Everything in the data should be repeated exactly, save for the images.

(PROVIDED DATA)

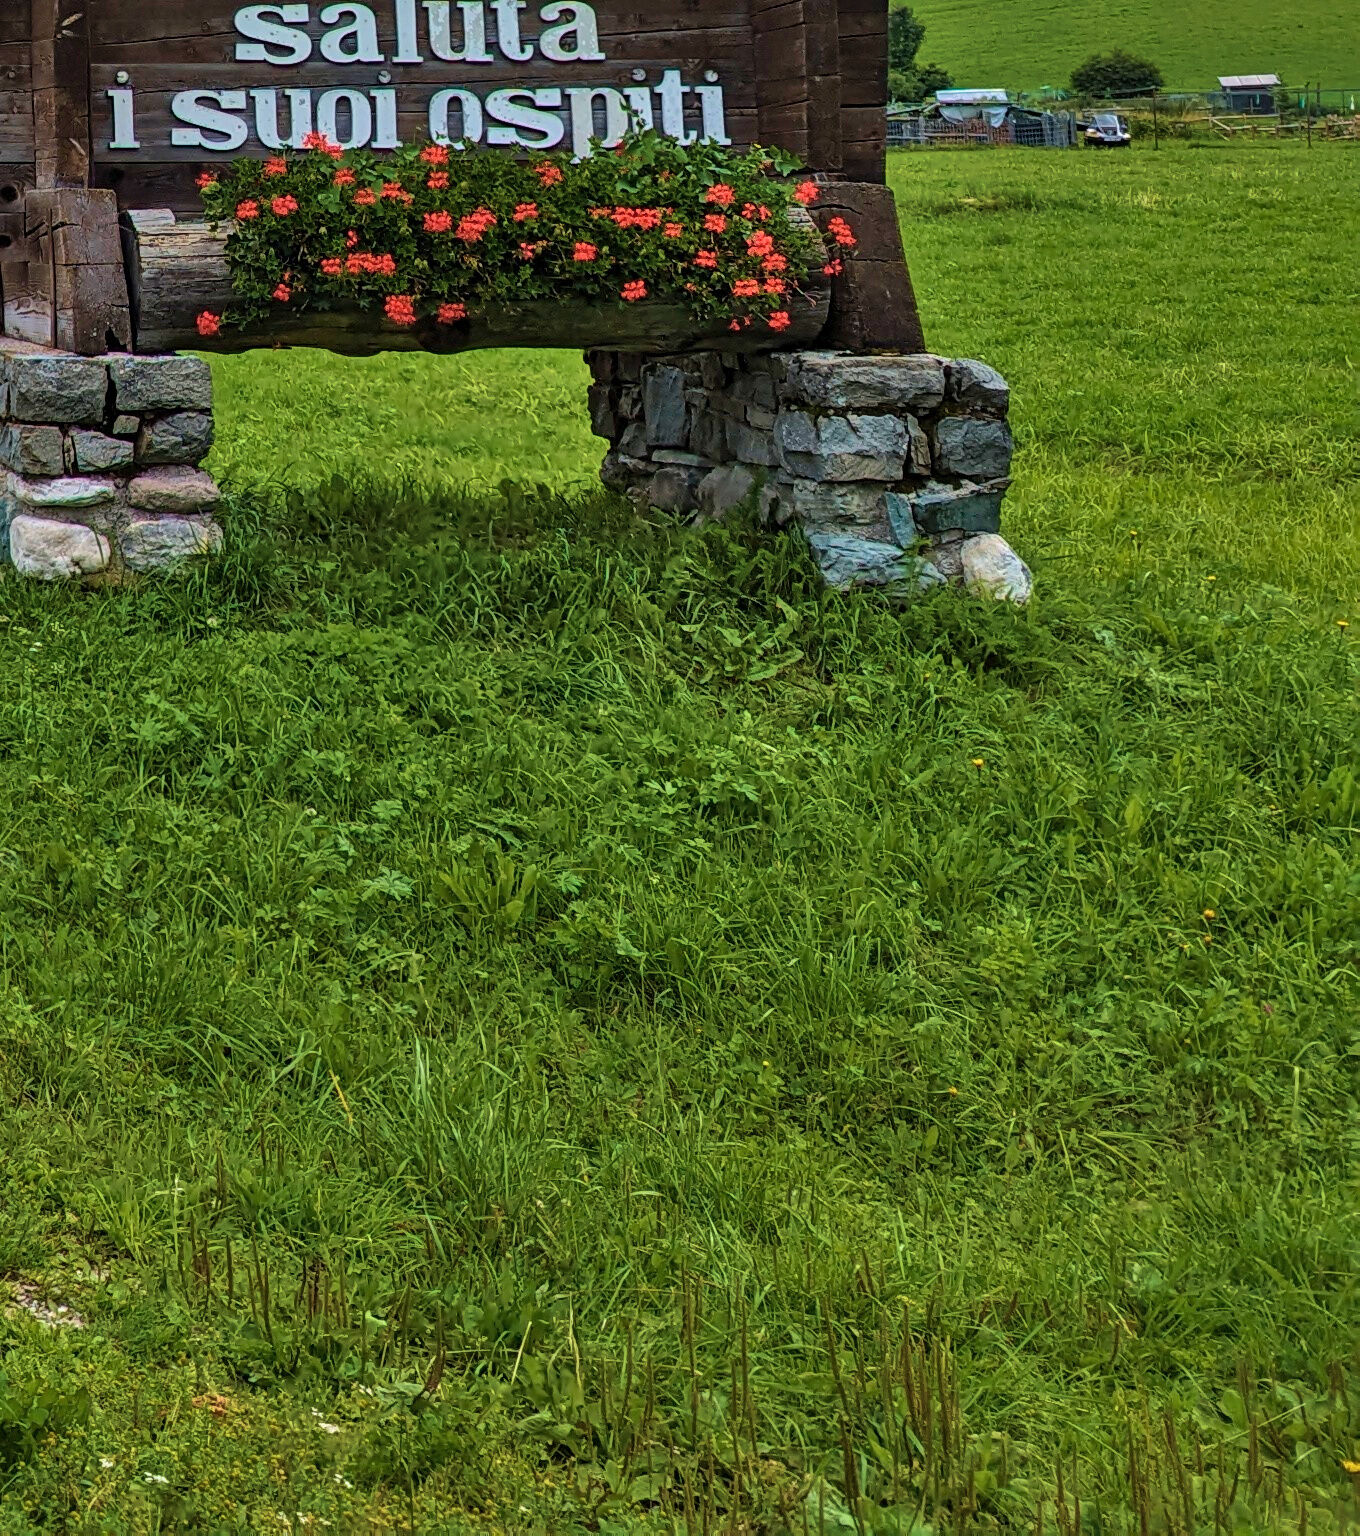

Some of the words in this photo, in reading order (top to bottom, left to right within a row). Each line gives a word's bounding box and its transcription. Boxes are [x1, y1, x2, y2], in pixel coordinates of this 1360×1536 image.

[106, 70, 140, 150] i
[171, 70, 403, 151] suoi
[427, 68, 732, 164] ospiti
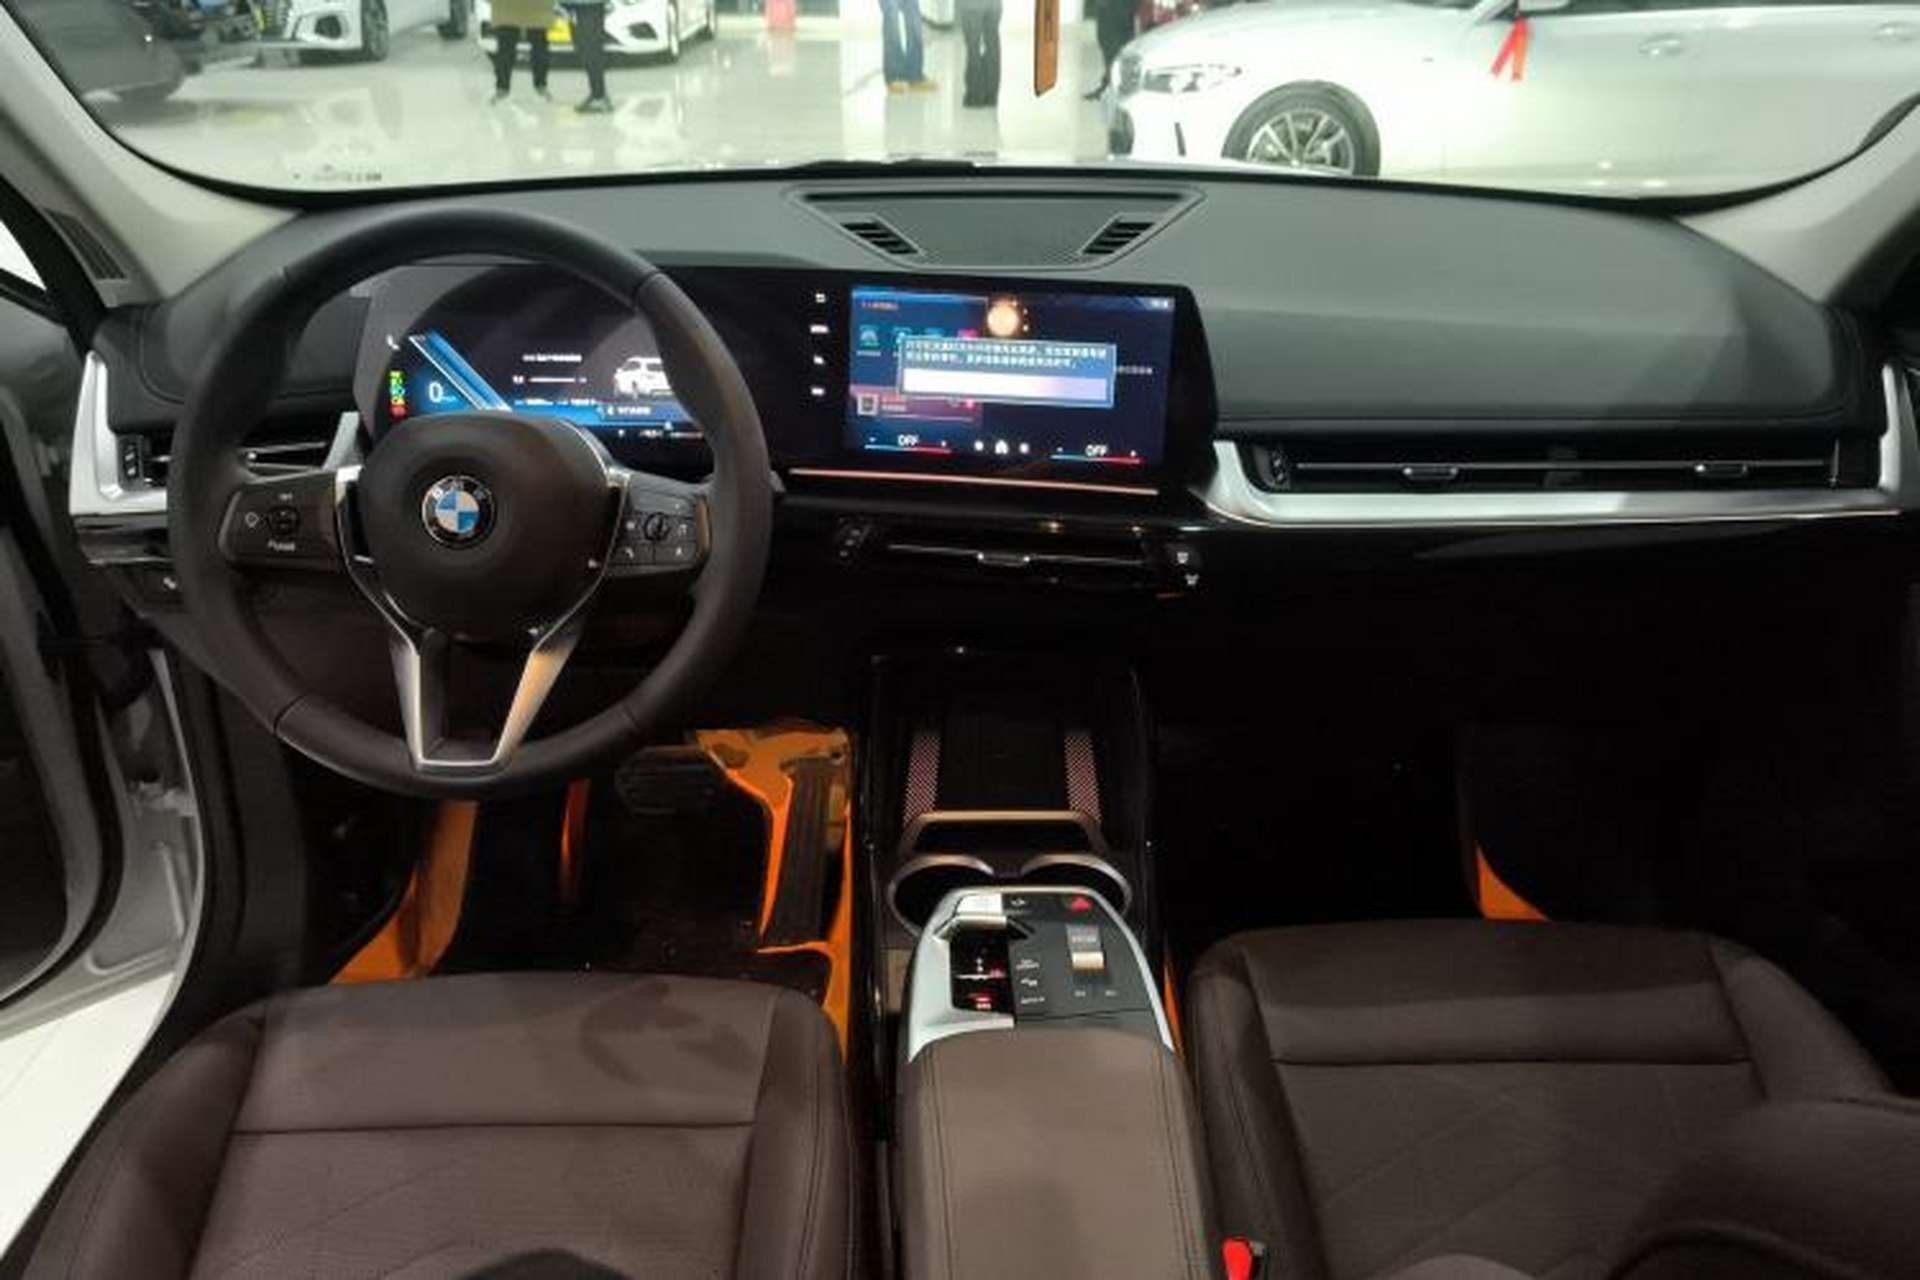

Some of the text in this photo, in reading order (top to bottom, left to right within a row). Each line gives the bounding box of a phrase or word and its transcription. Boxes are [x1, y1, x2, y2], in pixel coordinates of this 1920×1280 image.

[428, 381, 445, 403] 0
[897, 434, 919, 448] OFF
[1085, 444, 1108, 458] OFF
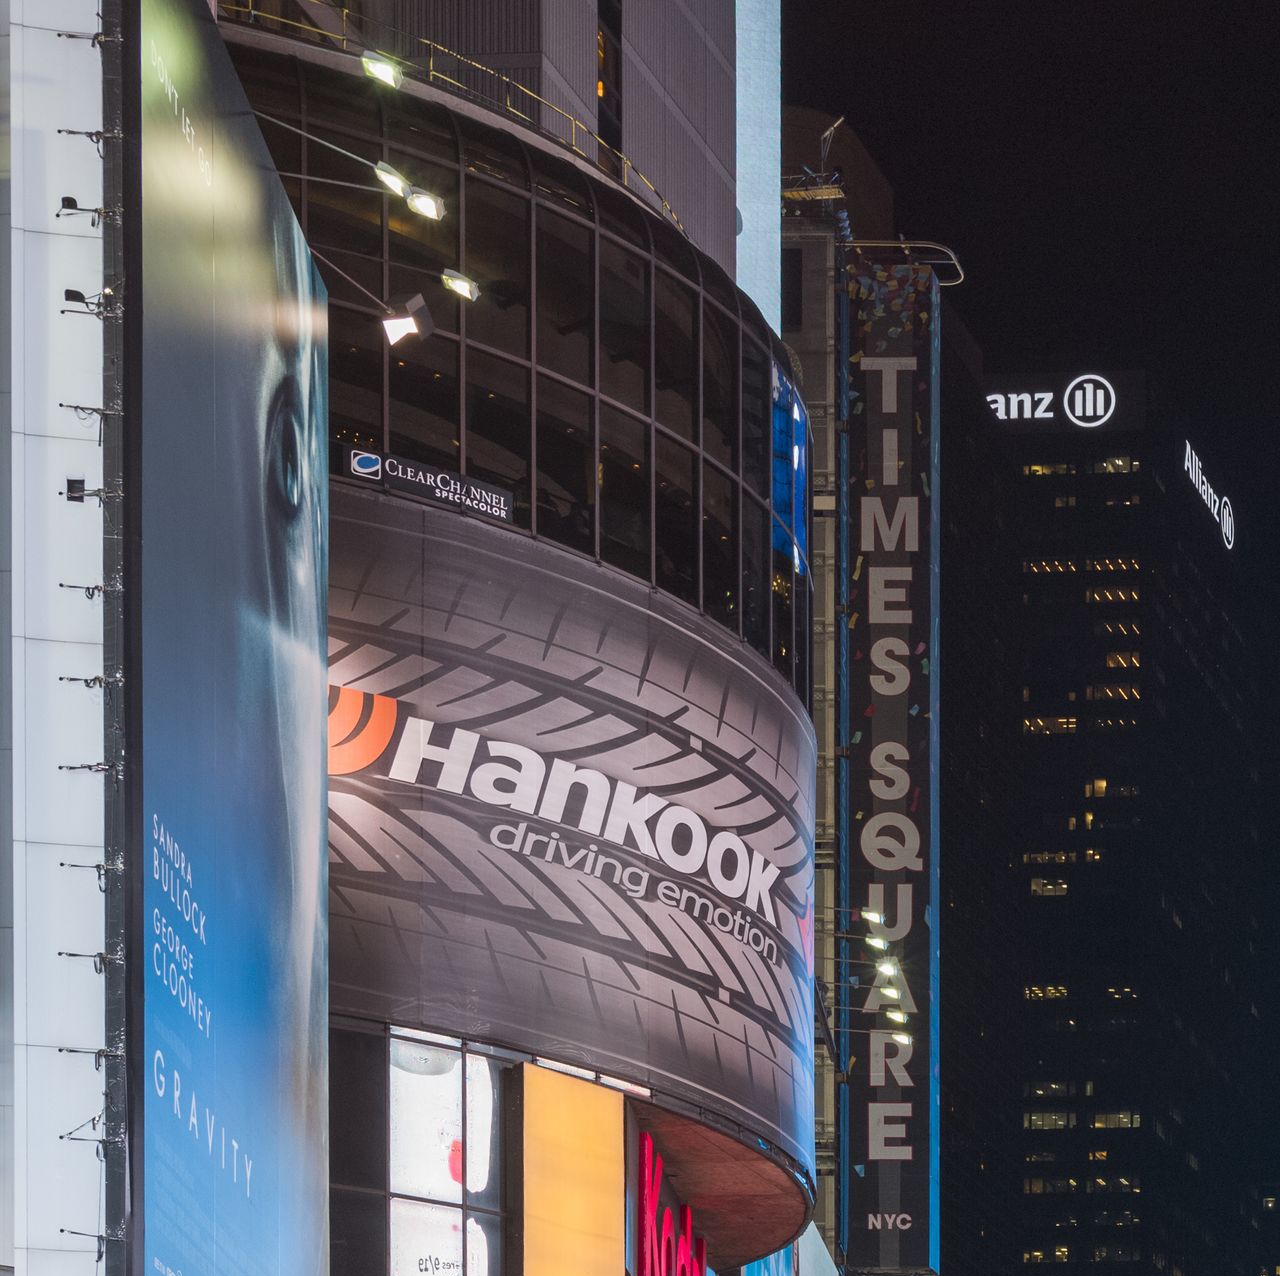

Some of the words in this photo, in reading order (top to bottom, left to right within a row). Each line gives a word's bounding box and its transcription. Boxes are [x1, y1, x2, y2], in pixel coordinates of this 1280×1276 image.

[182, 107, 195, 152] LET
[435, 488, 507, 519] SPECTACOLOR
[1184, 439, 1221, 524] Allianz
[860, 356, 919, 696] TIMES
[152, 813, 194, 889] SANDRA
[489, 821, 649, 897] driving
[152, 846, 207, 946] BULLOCK
[657, 876, 781, 965] emotion
[152, 907, 195, 980] GEORGE
[860, 740, 924, 1161] SQUARE
[152, 942, 212, 1039] CLOONEY
[152, 1050, 255, 1200] GRAVITY
[867, 1213, 912, 1230] NYC
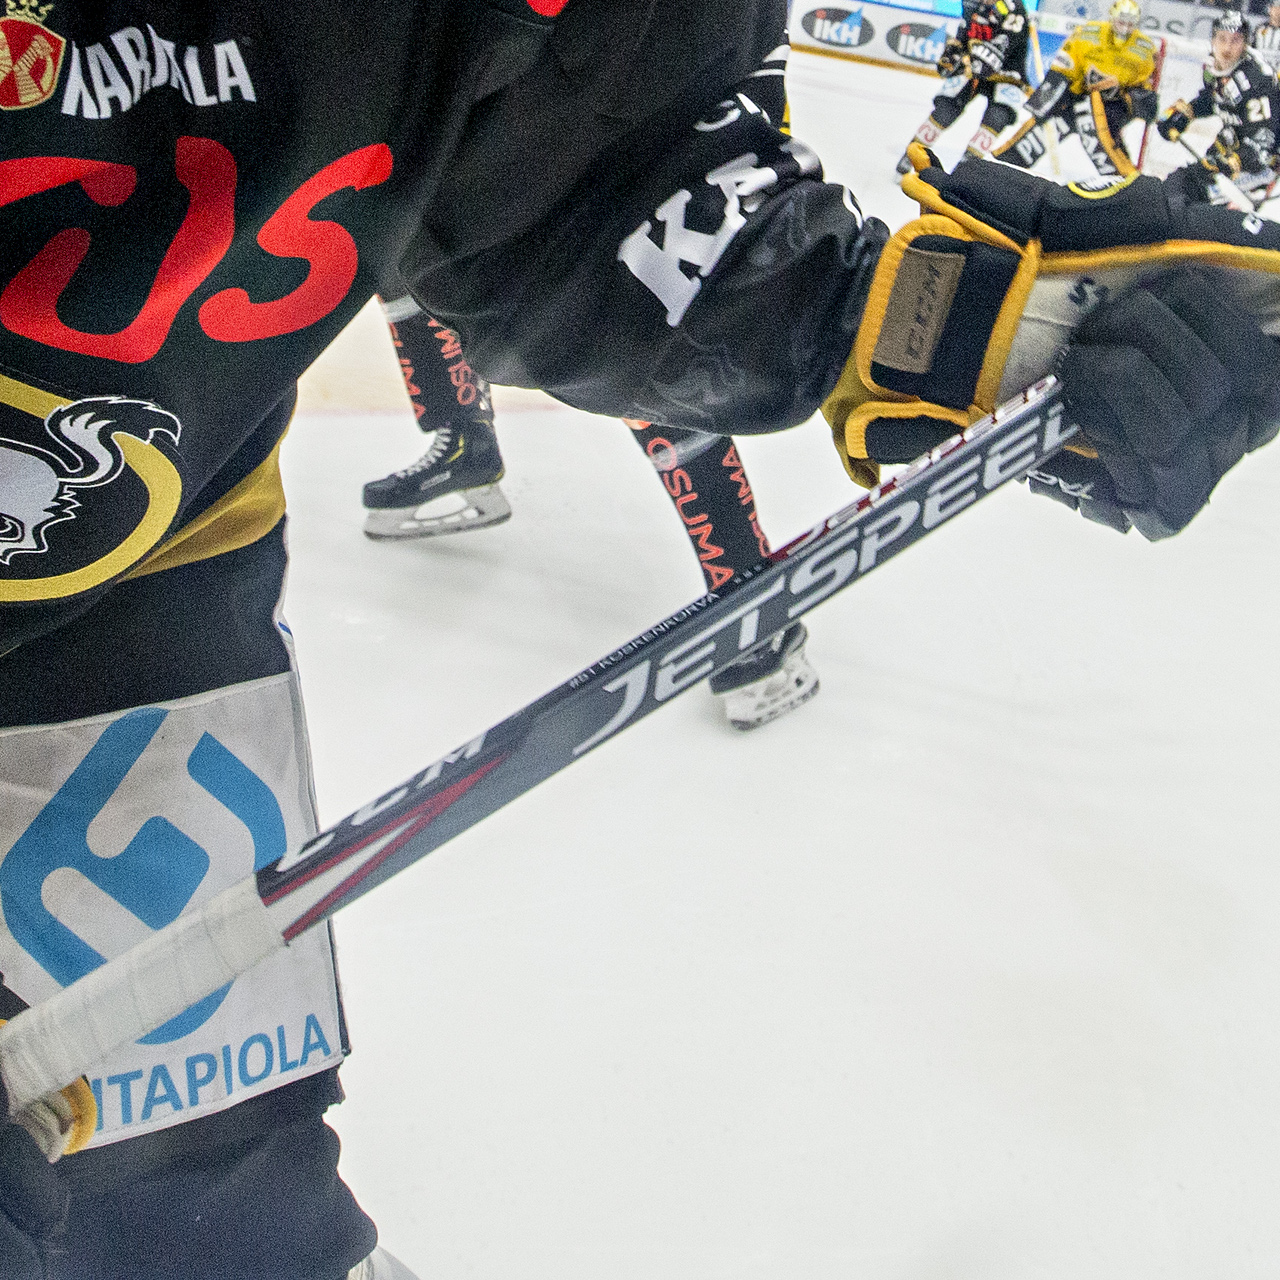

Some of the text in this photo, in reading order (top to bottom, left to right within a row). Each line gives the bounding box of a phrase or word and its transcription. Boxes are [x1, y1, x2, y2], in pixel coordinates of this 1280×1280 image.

(End PROVIDED DATA)

◆ WRITTEN RESPONSE:
Some of the words in this photo, in reading order (top to bottom, left to right within a row). Each line gives a word's bounding box and its transcription. Boxes are [x1, y1, x2, y2], in pixel coordinates of this 1360×1536 image.

[106, 70, 140, 150] i
[171, 70, 403, 151] suoi
[427, 68, 732, 164] ospiti

Some of the text in this photo, in reading order (top to bottom, left to right within a row). Each line gives the bounding box of a phrase or word and its transcription. Boxes are [x1, y1, x2, y2], in pixel coordinates of this 1920×1280 image.

[428, 381, 445, 403] 0
[897, 434, 919, 448] OFF
[1085, 444, 1108, 458] OFF

Some of the words in this photo, in reading order (top to bottom, left to right within a row). Each line gives a word's bounding box and its transcription. Boxes are [x1, y1, x2, y2], in pixel coordinates of this 1280×1276 image.

[182, 107, 195, 152] LET
[435, 488, 507, 519] SPECTACOLOR
[1184, 439, 1221, 524] Allianz
[860, 356, 919, 696] TIMES
[152, 813, 194, 889] SANDRA
[489, 821, 649, 897] driving
[152, 846, 207, 946] BULLOCK
[657, 876, 781, 965] emotion
[152, 907, 195, 980] GEORGE
[860, 740, 924, 1161] SQUARE
[152, 942, 212, 1039] CLOONEY
[152, 1050, 255, 1200] GRAVITY
[867, 1213, 912, 1230] NYC

Some of the text in this photo, in reading order (top to bottom, left to right within a row). Each line gives the bounding box of a phrase or word and its transcription. Boxes are [x1, y1, x2, y2], in pixel coordinates of this 1280×1280 image.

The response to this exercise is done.